__Work task__
From the first line of the listing to the last, set down everything exactly, but skip the images.
[The data — start]
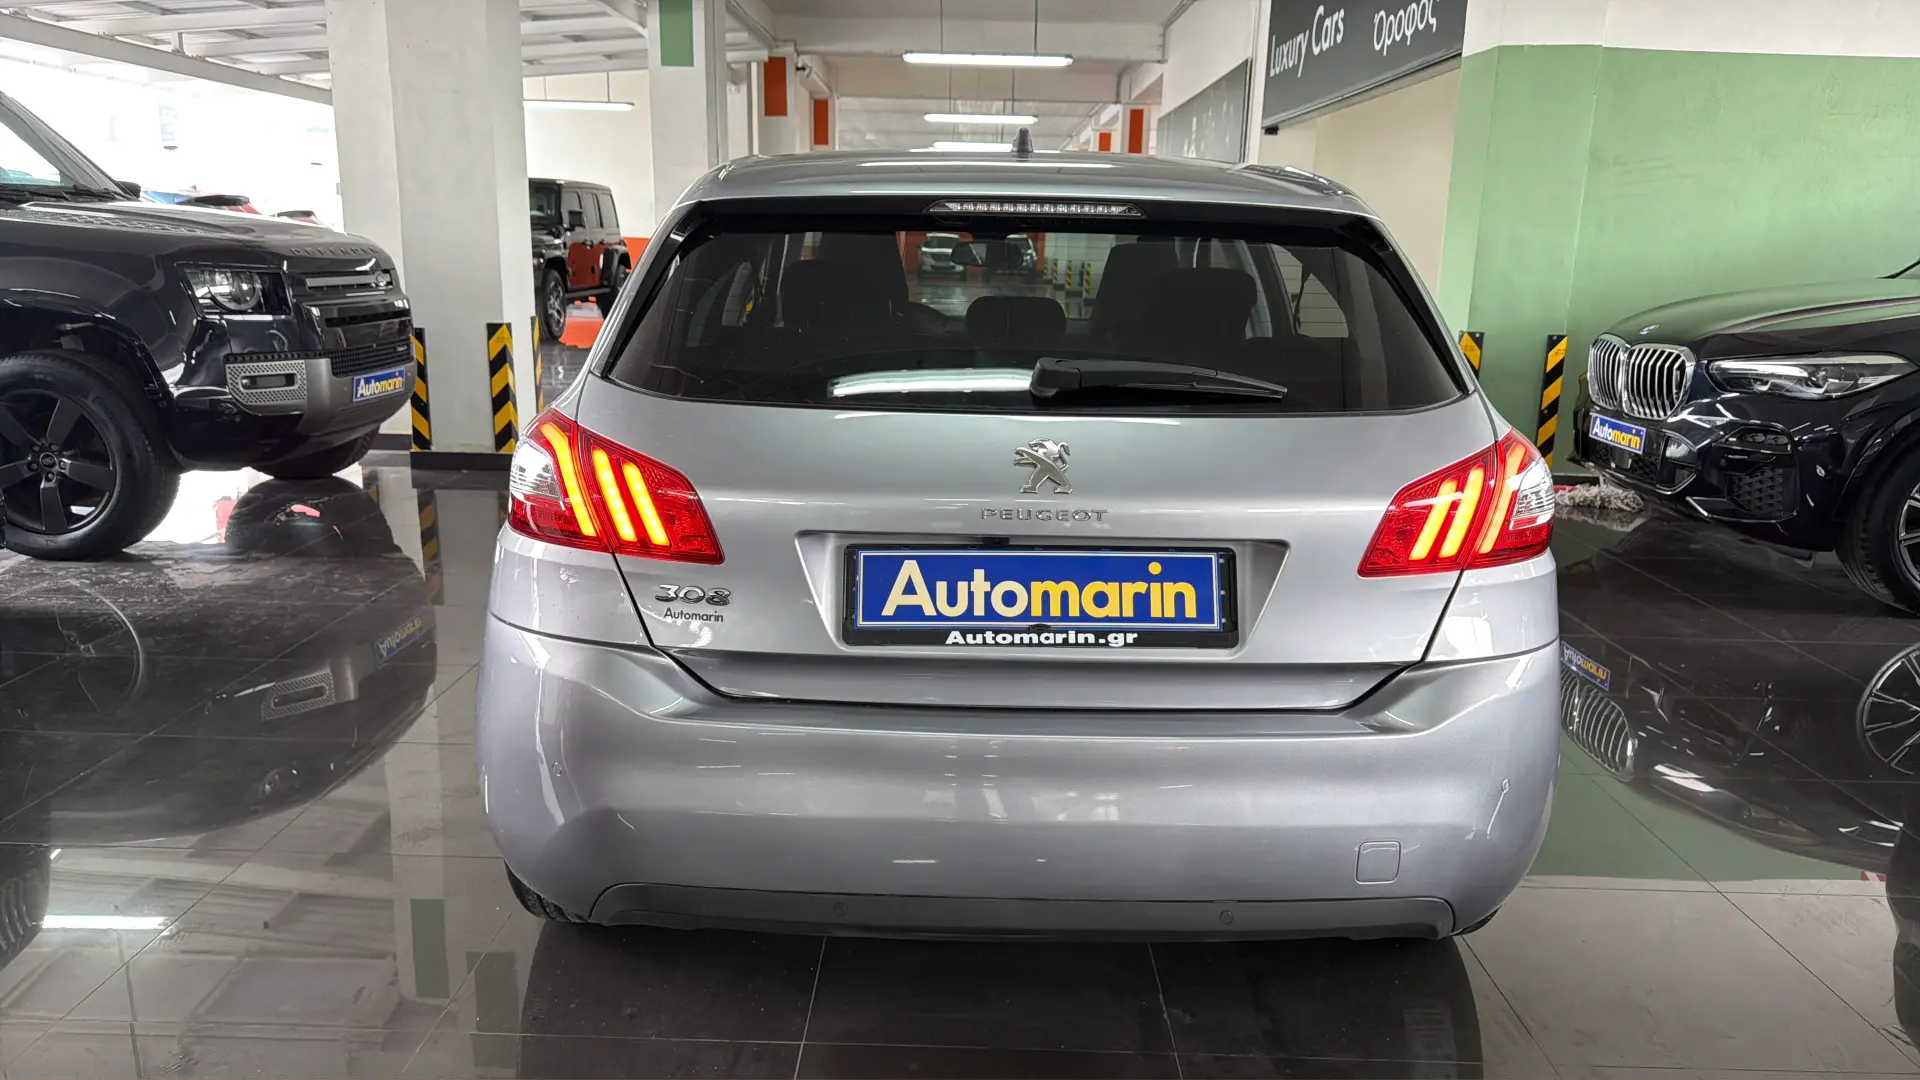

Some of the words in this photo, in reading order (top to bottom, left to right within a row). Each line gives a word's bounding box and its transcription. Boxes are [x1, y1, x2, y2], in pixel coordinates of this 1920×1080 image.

[1270, 29, 1310, 78] Luxury
[1312, 5, 1344, 55] Cars
[357, 371, 403, 398] Automarin
[1592, 418, 1641, 450] Automarin
[981, 508, 1109, 521] PEUGEOT
[655, 584, 732, 606] 308
[881, 559, 1197, 618] Automarin
[664, 607, 724, 622] Automarin
[945, 630, 1138, 647] Automarin.gr
[The data — finish]
__Solution for this task__
Some of the words in this photo, in reading order (top to bottom, left to right within a row). Each line gives a word's bounding box and its transcription. Boxes are [x1, y1, x2, y2], in pixel coordinates of this 1920×1080 image.

[1270, 29, 1310, 78] Luxury
[1312, 5, 1344, 55] Cars
[357, 371, 403, 398] Automarin
[1592, 418, 1641, 450] Automarin
[981, 508, 1109, 521] PEUGEOT
[655, 584, 732, 606] 308
[881, 559, 1197, 618] Automarin
[664, 607, 724, 622] Automarin
[945, 630, 1138, 647] Automarin.gr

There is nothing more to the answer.